As i trundle through the train station, i started to ponder how we have changed when we enter the working life. Not exactly the ideal thoughts you need for a good start to a Friday morning.
Flowerger's rant that people didn't help her when she fell, wasn't new. When a little girl drowned, no one tried to rescue her earlier despite two lifeguards on duty. Overall, it just seems that people turn into cold, heartless and ruthless bastards when they enter the working world. The helpful and happy children we once were, seemed to have vanished like the morning mist dissipated by the burning sun.
Isn't it sad, i thought as i entered the train, that we lose all our morality and happiness when we start working? As i glanced around for a place to stand, blank faces greeted me. Each occupied in their own thoughts and miserable lives. As the train rumbled through the stations, i thought about how we were as children.
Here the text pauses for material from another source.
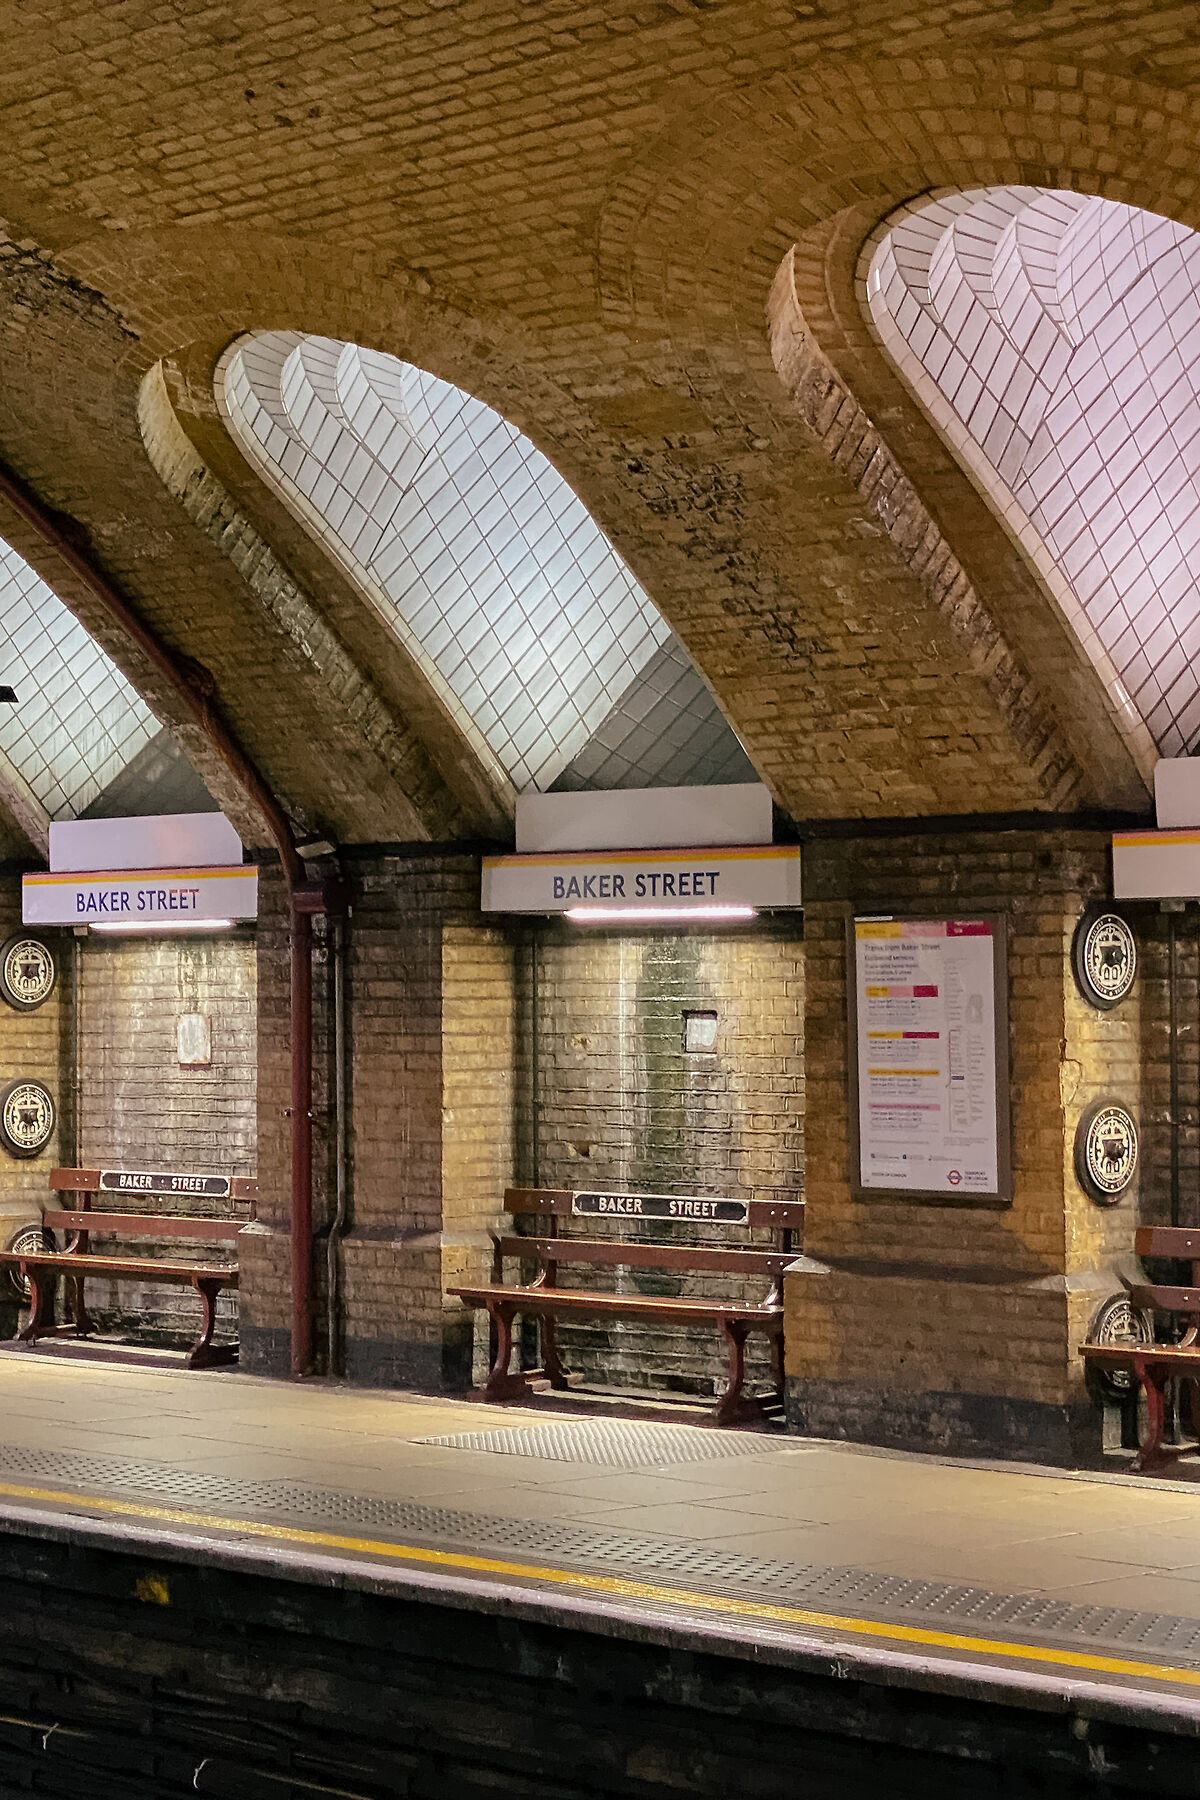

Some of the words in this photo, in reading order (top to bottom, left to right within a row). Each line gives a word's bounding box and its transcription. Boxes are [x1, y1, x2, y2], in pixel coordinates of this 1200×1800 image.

When we were young, we were invincible. We were rebellious in our own right because we only thought for ourselves. We got hurt fast and healed fast, both mentally and physically. We didn't need to care about how others were doing. We didn't need to care about how food got onto the table. We didn't need to care about our pay and whether the boss knew how hard we worked.
All that mattered in our minds were friendships, how to attract the opposite sex, when the next meal was and when the next gathering was. Life was much simpler then. We just did as we were told, or did as we please. There wasn't any consequences for us to heed, nor any life's direction we needed to think about. We lived to the fullest, each day at a time in true spontaneity.
Those were the good times, i thought wryly as i shrugged through the crowd and stepped off at my train station. Now wounds take longer to heal, both mentally and physically. Now we have to worry about how others are doing. Now we need to care about how food got onto the table. Now we have to worry about our pay and whether the boss knew about hard we worked. Now we have to think for ourselves and push the work to others because we aren't paid to do their job.
Consequences are something we have to think of every single time we make a decision, sign something or do something. We push for confirmation 'in black and white' via email, writing or fax because others will bear the consequences. We don't dare to commit both verbally and in writing because of consequences. Every thing we do these days, we think over it again and again, pondering if we should do so and the consequences that come with it.
Should i help that girl that fell down? If so, will i get scolded because i implied that she's weak?
Should i help that guy who is drowning? Thats the lifeguard's job, not mine so why should i do someone else's work? Let them bear the consequences. Besides he might be having a cramp and he could recover by the time i swim over.
When was the last time we did something because we wanted to, and not because of the consequences? I thought sadly as i stared at our company's dark varnished door, rummaging into my pocket for the keys. As i signed in, and made my way to my cubicle, saying my 'good mornings', i realised that ultimately the one single fact remains.
We have changed.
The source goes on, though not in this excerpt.